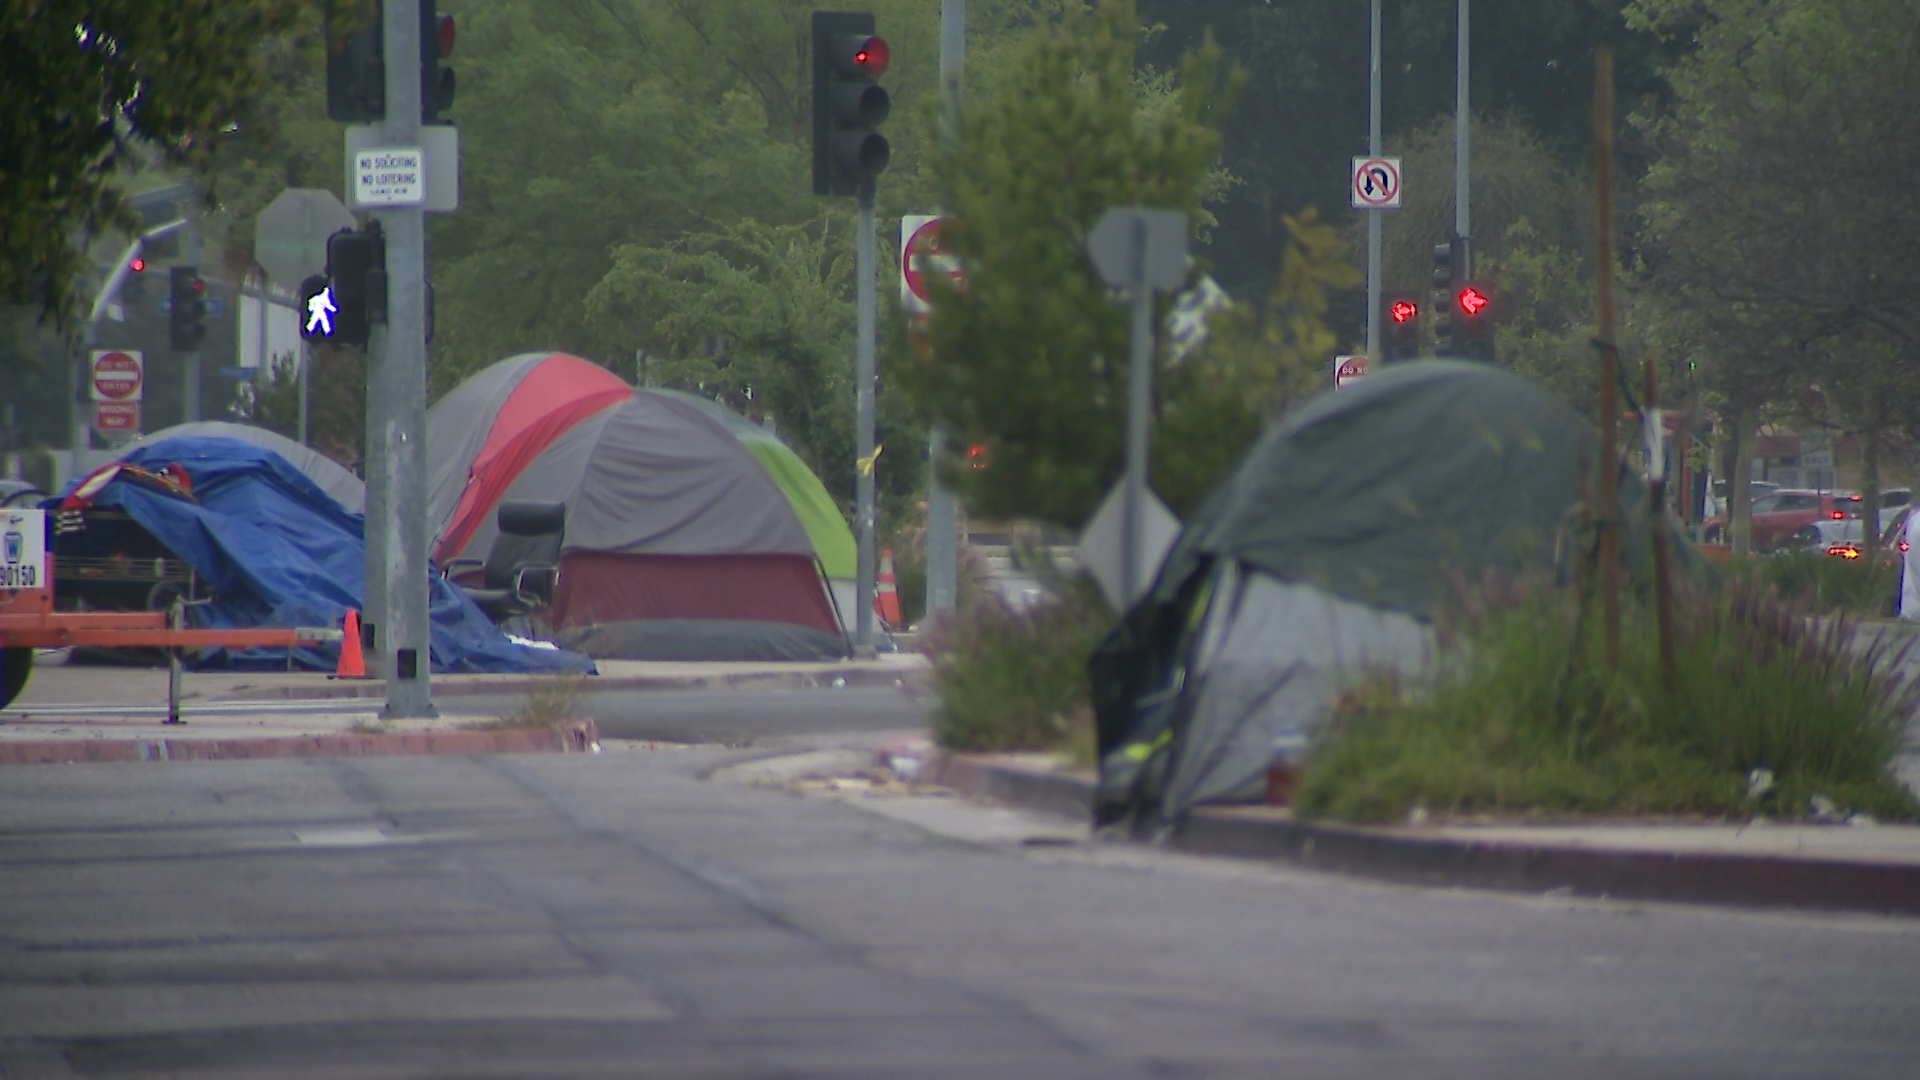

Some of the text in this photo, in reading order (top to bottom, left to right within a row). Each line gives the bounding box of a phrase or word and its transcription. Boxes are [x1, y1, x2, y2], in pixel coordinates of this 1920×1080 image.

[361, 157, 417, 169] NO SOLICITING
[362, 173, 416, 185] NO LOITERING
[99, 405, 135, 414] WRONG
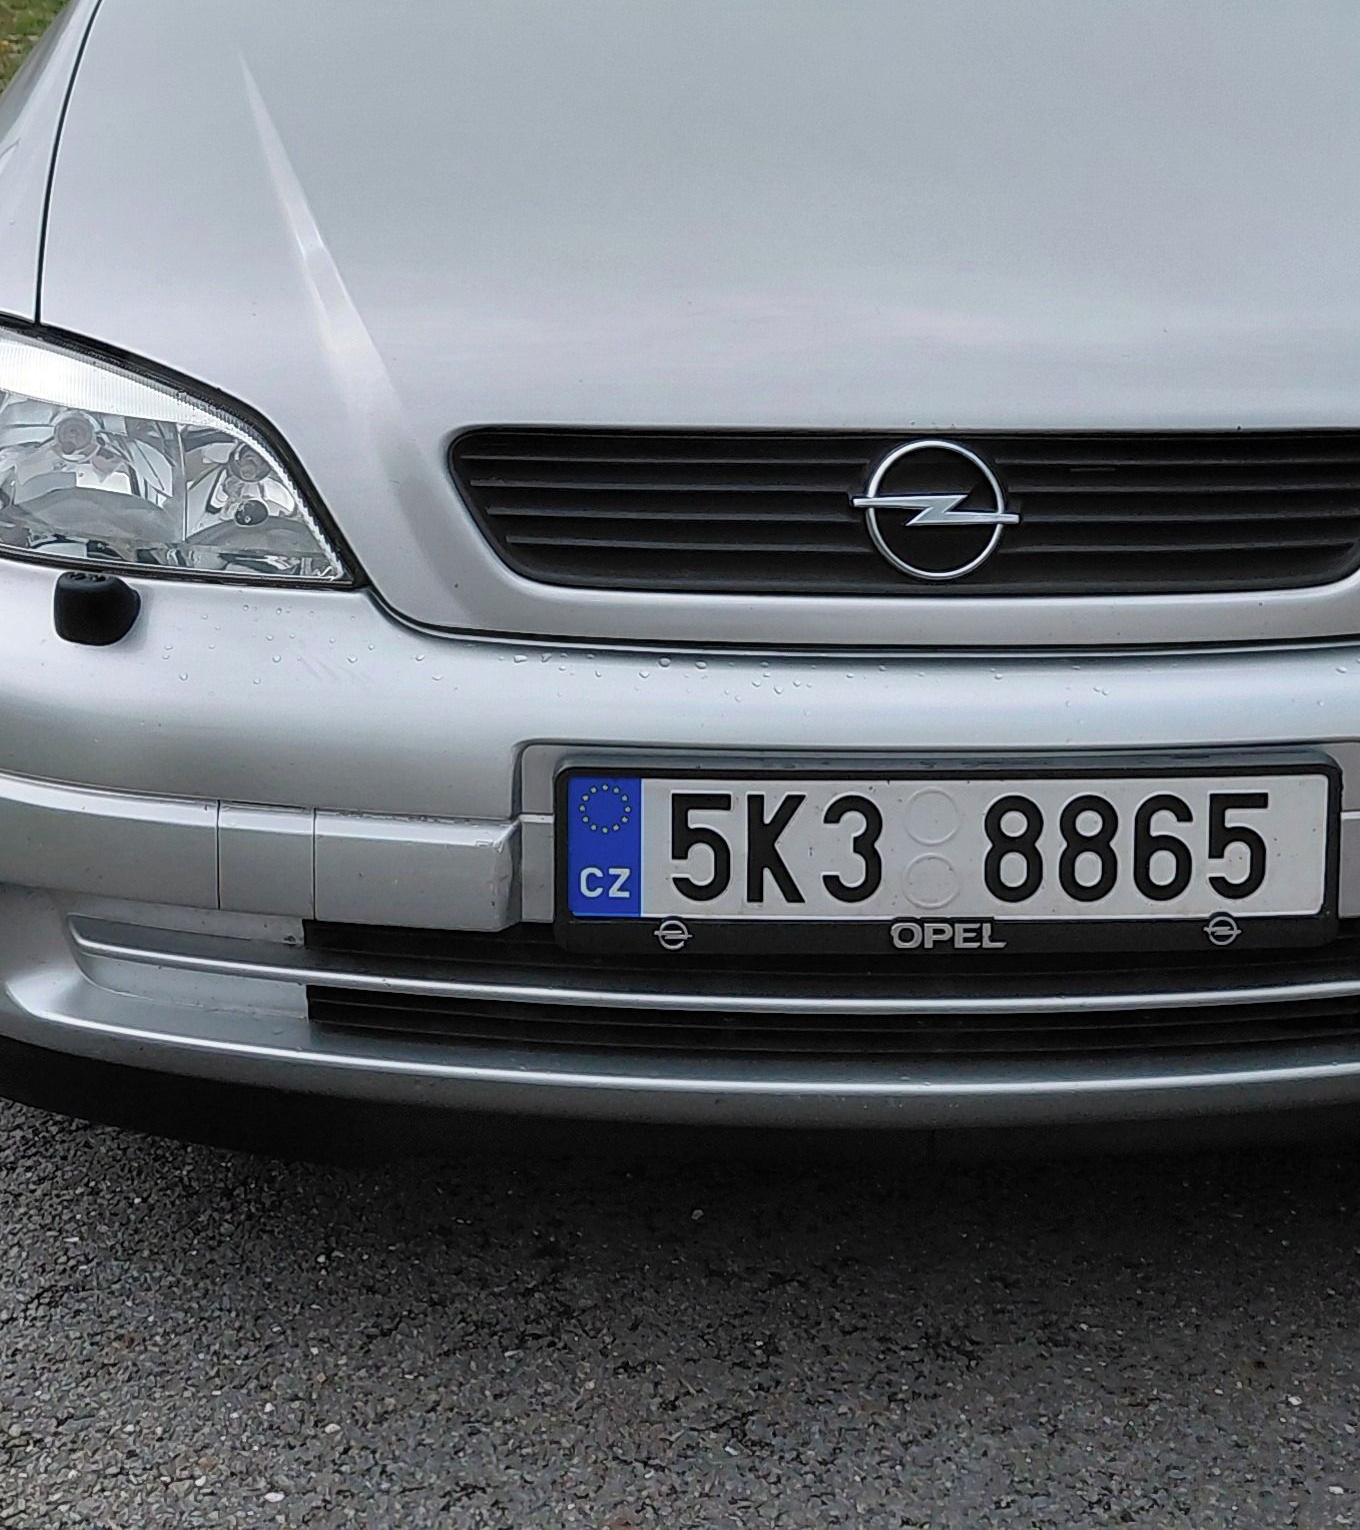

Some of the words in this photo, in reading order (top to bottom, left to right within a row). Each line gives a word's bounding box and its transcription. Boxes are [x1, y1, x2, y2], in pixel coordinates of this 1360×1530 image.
________________
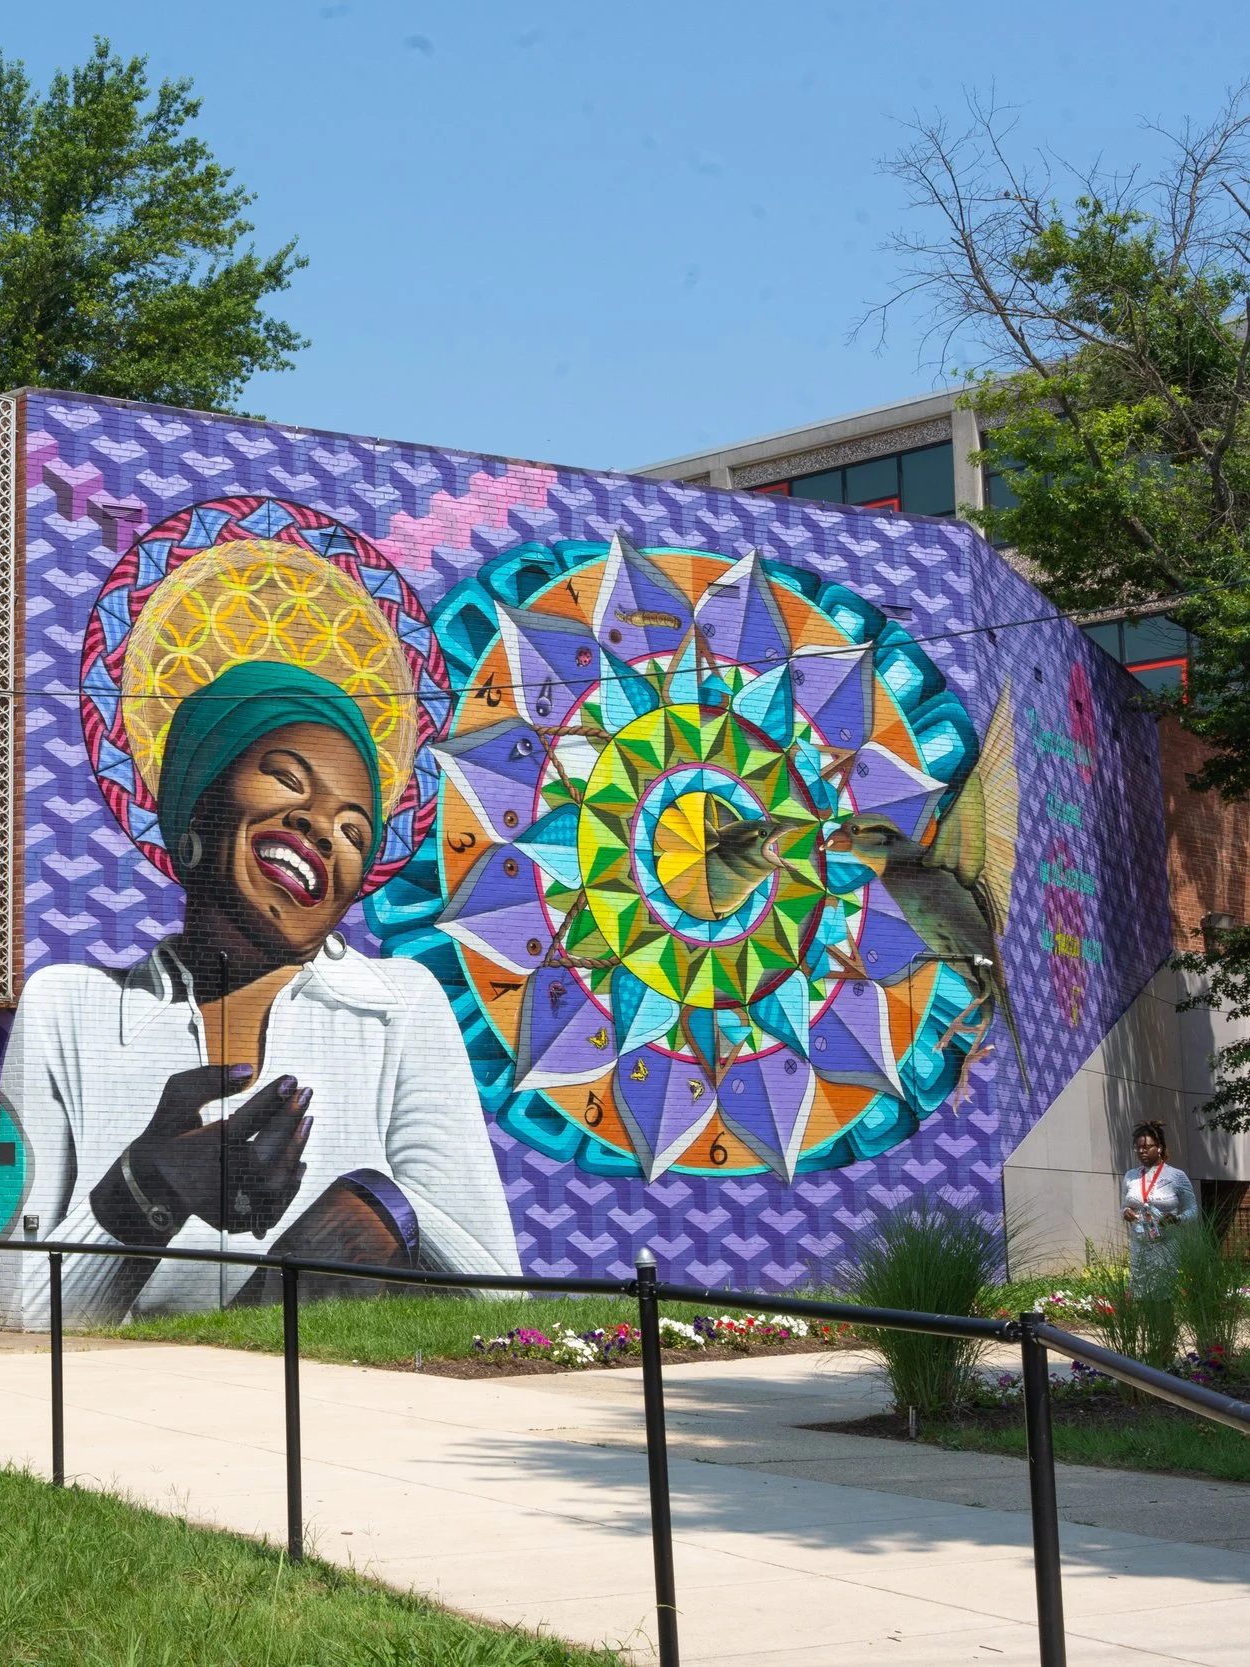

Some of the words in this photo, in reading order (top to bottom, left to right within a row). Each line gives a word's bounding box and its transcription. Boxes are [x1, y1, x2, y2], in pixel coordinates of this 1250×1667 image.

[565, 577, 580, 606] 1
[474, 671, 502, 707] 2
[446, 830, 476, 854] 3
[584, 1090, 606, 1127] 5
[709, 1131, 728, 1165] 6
________________
Goal of the exercise
From the line holding "Some of the text" to the line holding "this 1360×1530 image.", both included, retype the entries above exactly and drop the pictures.

Answer for the task
Some of the text in this photo, in reading order (top to bottom, left to right within a row). Each line gives the bounding box of a phrase or word and its transcription. Boxes are [x1, y1, x2, y2], in pixel coordinates of this 1920×1080 image.

[361, 157, 417, 169] NO SOLICITING
[362, 173, 416, 185] NO LOITERING
[99, 405, 135, 414] WRONG

Some of the words in this photo, in reading order (top to bottom, left to right within a row). Each line gives a word's bounding box and its transcription. Boxes are [x1, y1, x2, y2], in pixel coordinates of this 1360×1530 image.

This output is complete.